Hi Tom. It sounds like you are a bit overwhelmed. I'm in Greeneville and you'd be suprised, for the area, how many options/products/stores are available. Just where I live I have access to two health food stores, two mennonite stores, and can find speciality products at Food City and Ingals. I also make trips up to JC to Earthfare. There also is another little health food store in the same shopping center as PetSmart (I don't know the actual shopping center name. I think it is off of State of Franklin.) I have also heard there are a lot of options at Kroger but I haven't been there. There was a speciality place in Kingsport that I went to a few times when I was commuting. I'll have to get back to you on the name of the place. I have sucessfully eaten at Mello Mushroom. I was really suprised at how good their gluten free pizza was.

Curious, did your doctor diagnose you based on your blood work only? Is your doctor recommending a scope? Some doctors will diagnose based on blood work alone. Rarely there is false positives, but a lot of false negatives. If you are going to have a scope/biopsy done however, stay eating a regular diet until it is over. Also it is recommended that all first degree relatives get screened for celiac (parents, siblings, children) because their risk increases from 1 in 133 to 1 in 22 having a first degree relative diagnosed.

I would start by eating things that are naturally gluten free like fresh meats, veggies and fruit. Dairy is fine unless you are having issues with it. Do you live alone or live with someone, ie roomates, wife, kids..? If you do are you going to maintain a shared house or take the whole house gluten free? Here is what I did when I was first diagosed:

-Went through the pantry/fridge and got rid of anything I couldn't eat and that the other "gluten eaters" didn't want and donated what I could to the local food bank. I dedicated a drawer in the fridge and the top shelf of the pantry for gluten foods the rest being for gluten free. I scrubbed the kitchen down and all but one small section of the counter was gluten free. I set up my husband's toaster on the small section for him and he could make his gluten sandwiches etc.

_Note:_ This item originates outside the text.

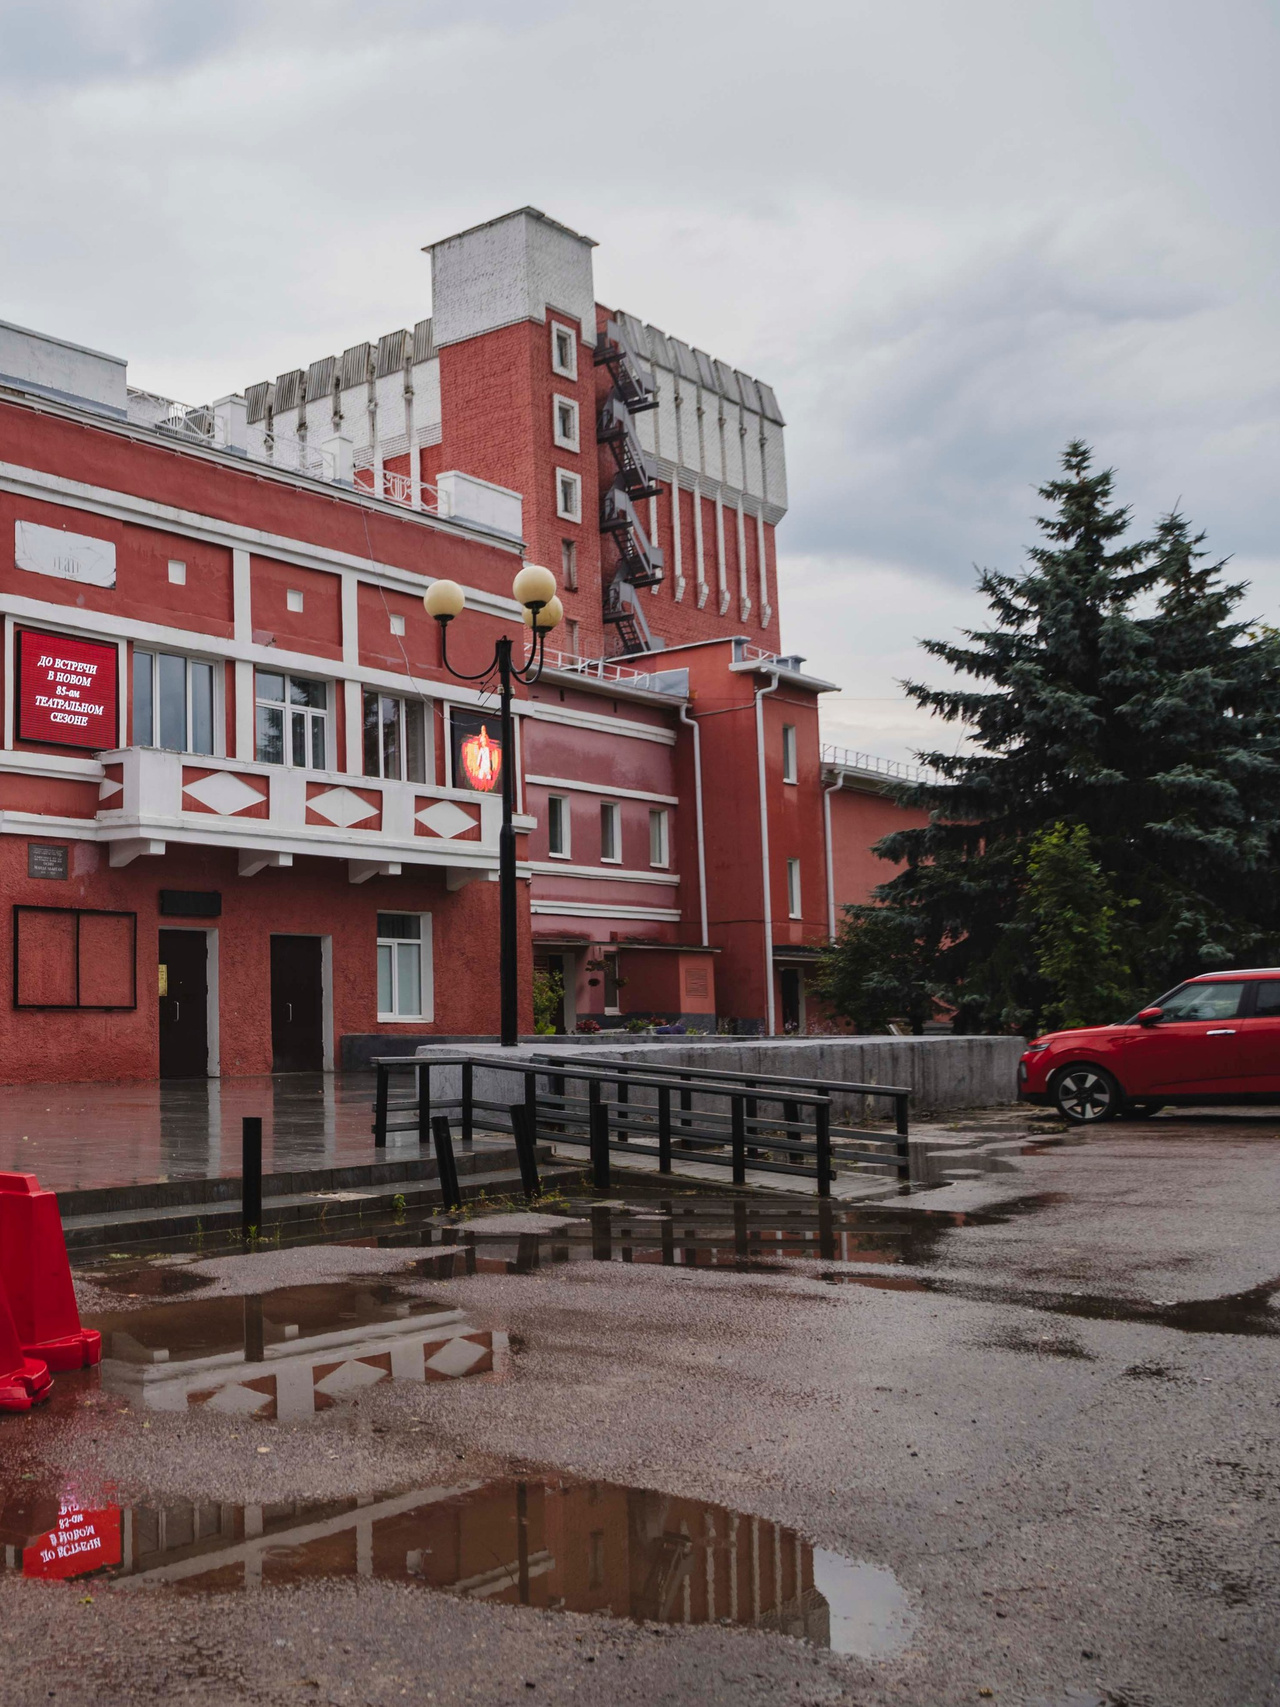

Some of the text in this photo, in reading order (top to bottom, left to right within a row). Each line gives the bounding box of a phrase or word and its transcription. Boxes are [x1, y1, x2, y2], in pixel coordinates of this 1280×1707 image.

-I replaced or bought another of: toaster, wooden spoons/cutting boards, waffle iron, scratched/worn pots & plastic storage containers, pasta strainer. I kept some of the worn pots for hubby to use for gluten things.

-I rid the entire house of any regular flour. There was to much risk since it can stay airborn for awhile and then settle down on the counters. Any baking was done gluten free and if the gluten eaters wanted something I couldn't/wouldn't make, they went to the bakery.

-All shared meals were gluten free. I had no interest in cooking separate meals. The gluten eaters had their cereal and had luch at work/school. Any gluten products had to be consumed at the table on a plate and the kids/hubby had to wash afterwords so they wouldn't cross contaminate surfaces in the house.

-Let gluten eaters finish up any condiments etc that may have been contaminated and replace with new for everyone to share. They don't cross contaminate because I either bought squeeze bottles or they scoop out of the containers what they want and never double dip. We share things like cheese and lunchmeat. My husband will have clean hands and take out what he wants and put it away before touching his bread.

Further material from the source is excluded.